At Armstrong & Bradylyons PLLC, Scott defends executives, financial professionals, and medical professionals facing complex white-collar investigations and charges. He provides creative and tenacious defenses in cases involving allegations of healthcare fraud, cryptocurrency and digital asset fraud, securities fraud, insider trading, market manipulation, computer fraud, procurement fraud, FCPA violations, bank fraud, and money laundering.
Scott also represents companies and individuals in high-stakes business disputes and civil litigation involving fraud and related misconduct. His first-chair experience in complex federal cases also makes him a valuable trial partner for other attorneys navigating high-stakes matters through trial.
Healthcare Fraud Defense & Anti-Kickback Statute Defense
Scott defends licensed medical professionals, including physicians, nurses, pharmacists, and healthcare executives, against criminal and civil healthcare fraud charges and regulatory investigations. At DOJ’s Fraud Section, Scott served as lead counsel in healthcare fraud cases totaling over $600 million in false and fraudulent claims involving Medicare, Medicaid, Tricare, and other federal programs. He also served as Director of DOJ's Appalachian Regional Prescription Drug Task Force.
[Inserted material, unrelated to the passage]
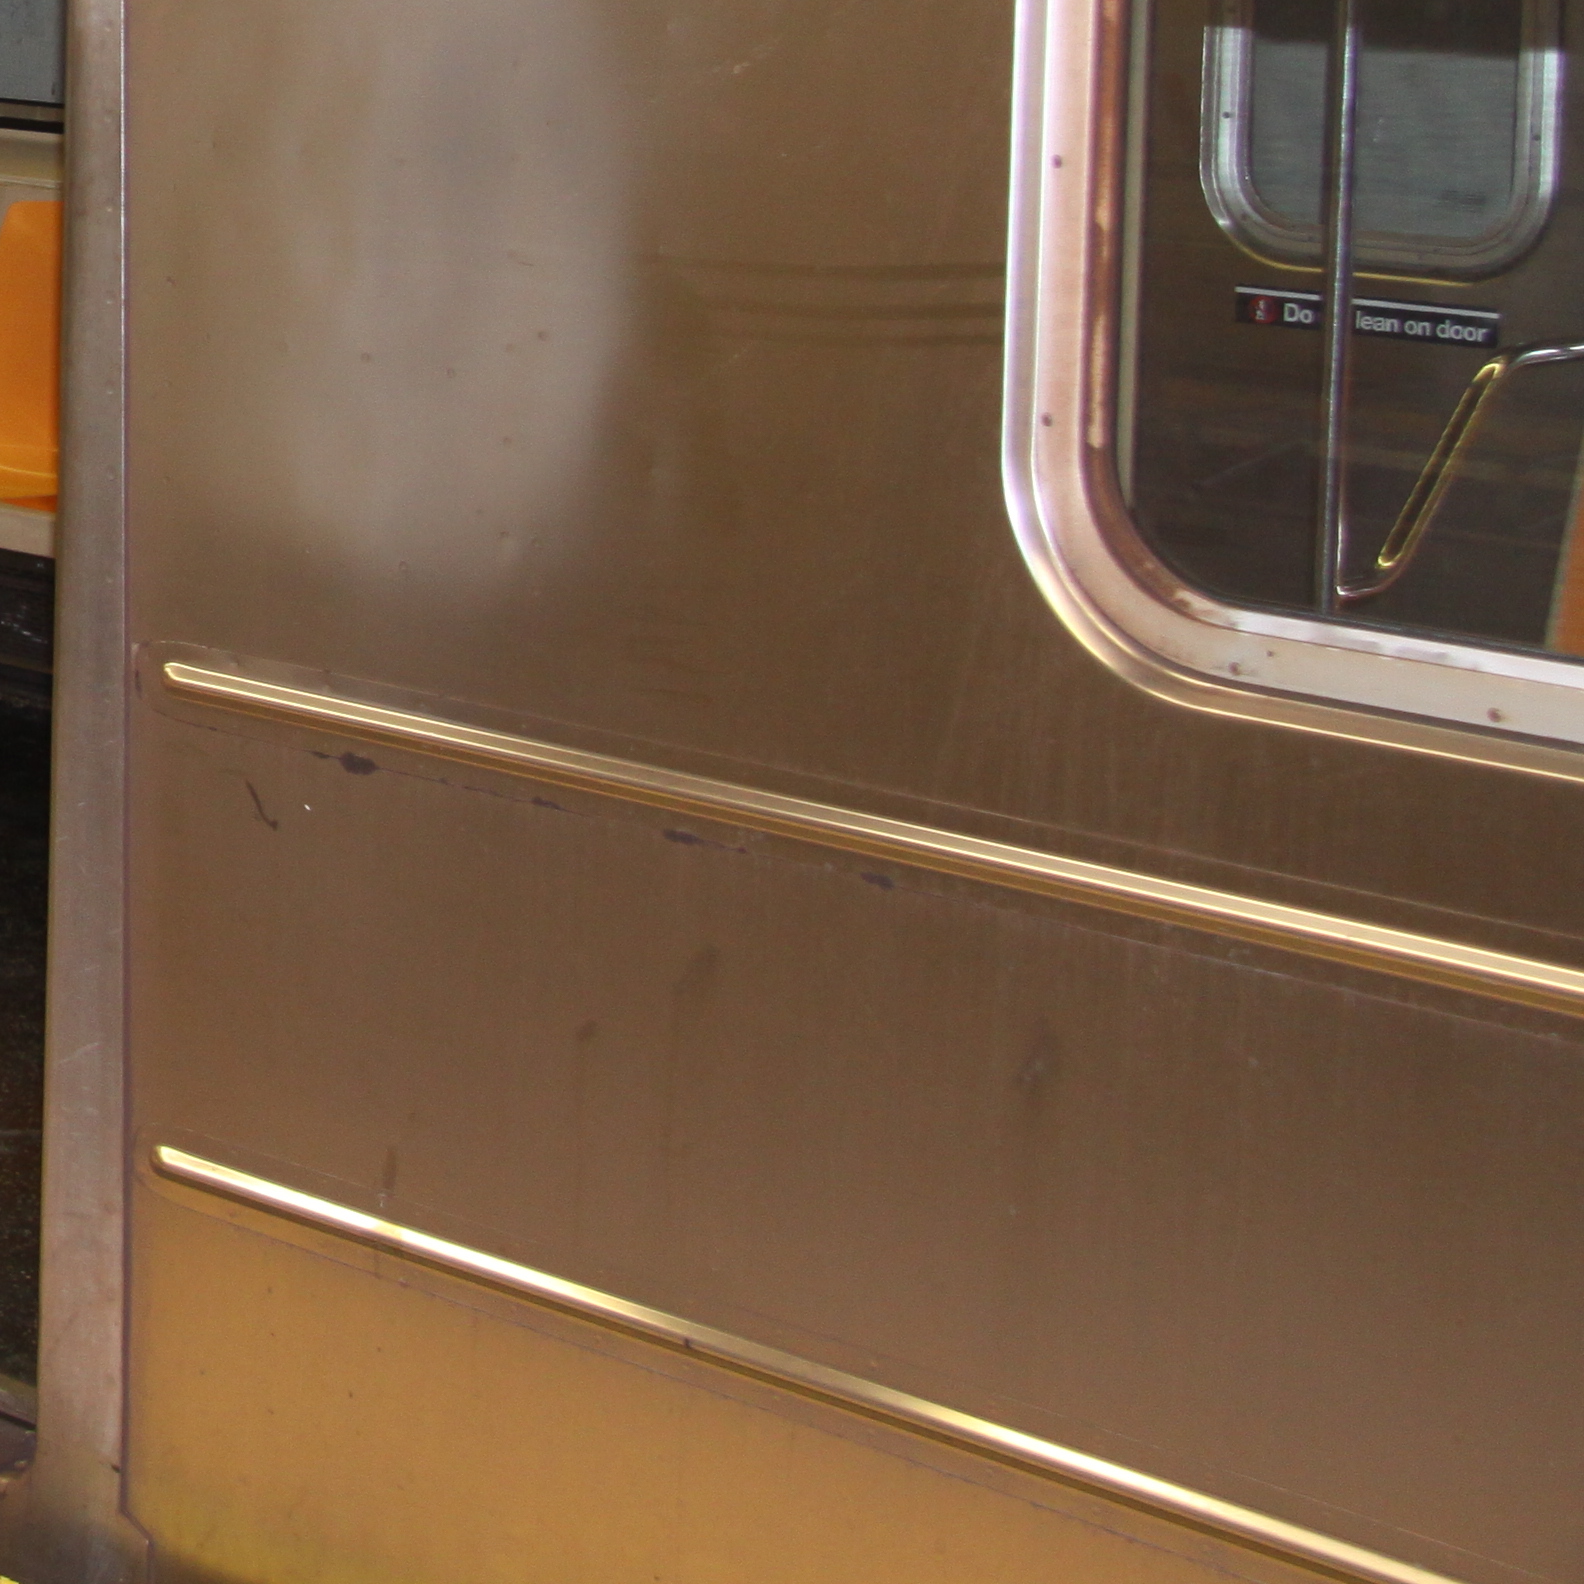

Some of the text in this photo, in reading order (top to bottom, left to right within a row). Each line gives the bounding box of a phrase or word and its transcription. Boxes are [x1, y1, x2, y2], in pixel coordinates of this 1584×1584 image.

[1283, 302, 1488, 343] Do lean on door
Scott now defends clients against allegations of healthcare fraud (18 U.S.C. § 1347), wire fraud (18 U.S.C. § 1343), violations of the Anti-Kickback Statute (42 U.S.C. § 1320a-7b), major fraud against the United States (18 U.S.C. § 1031), false statements relating to a healthcare matter (18 U.S.C. § 1035), diversion of controlled substances (21 U.S.C. § 841), and conspiracy to commit healthcare fraud (18 U.S.C. §§ 371, 1349).
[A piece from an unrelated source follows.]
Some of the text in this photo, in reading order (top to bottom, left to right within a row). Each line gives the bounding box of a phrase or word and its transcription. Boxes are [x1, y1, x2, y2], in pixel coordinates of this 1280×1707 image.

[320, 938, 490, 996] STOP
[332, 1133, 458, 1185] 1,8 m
His healthcare fraud defense practice protects medical professionals against allegations of wound care fraud, home health services fraud, durable medical equipment (DME) fraud, Medicare Part B and Medicare Advantage fraud, laboratory and genetic testing fraud, telemedicine and telehealth fraud, compounding pharmacy fraud, behavioral health and substance abuse treatment fraud, injection and infusion therapy fraud, and controlled substances diversion and illegal prescribing.
Scott defends medical professionals in investigations and prosecutions brought by the Strike Forces of DOJ’s Fraud Section, Healthcare Fraud Unit; United States Attorneys’ Offices around the country; the Department of Health and Human Services, Office of Inspector General (HHS-OIG); the FBI; the Drug Enforcement Administration (DEA); the Food and Drug Administration, Office of Criminal Investigations (FDA-OCI); the Centers for Medicare and Medicaid Services (CMS); state Medicaid Fraud Control Units (MFCUs); and state medical and professional licensing boards.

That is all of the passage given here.